Set in the twenty-first and sixteenth-century London, Truly Exotic blurs the differences between the civilised English and foreign savage. It begins with a merchant masquerade, a physician of time and space, who has a business plan connecting two different time periods. He transports a twenty-first century prostitute to the sixteenth-century as a wench for her ability to please men from all cultures. For, in the sixteenth-century, a courtier has unsuccessfully led an English army against the Irish rebels. He has returned from Ireland too early and now needs to placate Queen Elizabeth I. In a London tavern, the courtier learns from the wench about a lost map charting an island rich in gold. It is a prize he knows would please the queen and even make him king. With the intention of attending business matters at the River Thames, the courtier meets the merchant masquerade selling exotica from the New World. After the merchant has advertised his wares, the two men exchange tales of exploits in foreign lands. From the merchant, the courtier learns about Anthroposia: a mysterious island bountiful in gold that bears a striking similarity to the wench’s lost map. He realises the merchant holds the key to truly pleasing the queen, but can the courtier afford the price?
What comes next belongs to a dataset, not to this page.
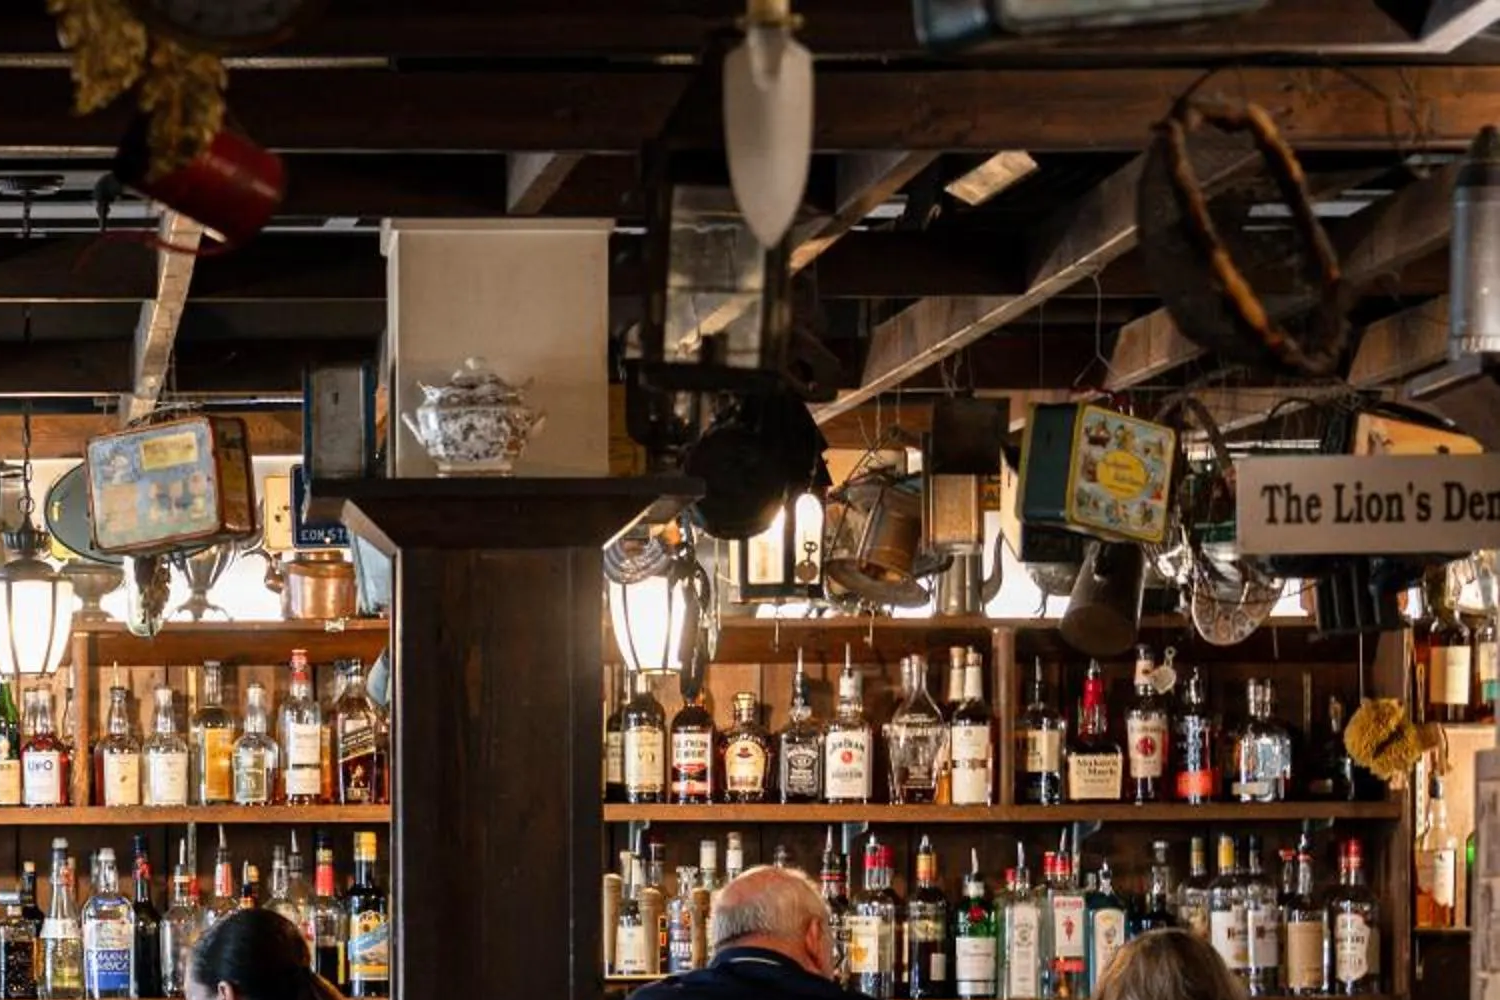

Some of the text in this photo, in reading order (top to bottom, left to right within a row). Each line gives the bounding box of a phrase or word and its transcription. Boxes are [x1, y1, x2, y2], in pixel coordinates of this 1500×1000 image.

[1261, 482, 1500, 525] The Lion's Den
Truly Exotic is being performed at the 2016 Page to Stage Liverpool Festival, more details and ticket purchases are from this link. Book now to avoid disappointment.

Furthermore, the festival is hosting a double bill with another play influenced by the early modern period, The Chamber of Beheaded Queens (click on title for more details). Tickets available from Eventbrite.


Truly Exotic has its own Facebook Page. Check out the play’s official trailer here.

The Petrarchan Sonnet and Sharon Kenny’s ‘Hotel Heart’ (2011)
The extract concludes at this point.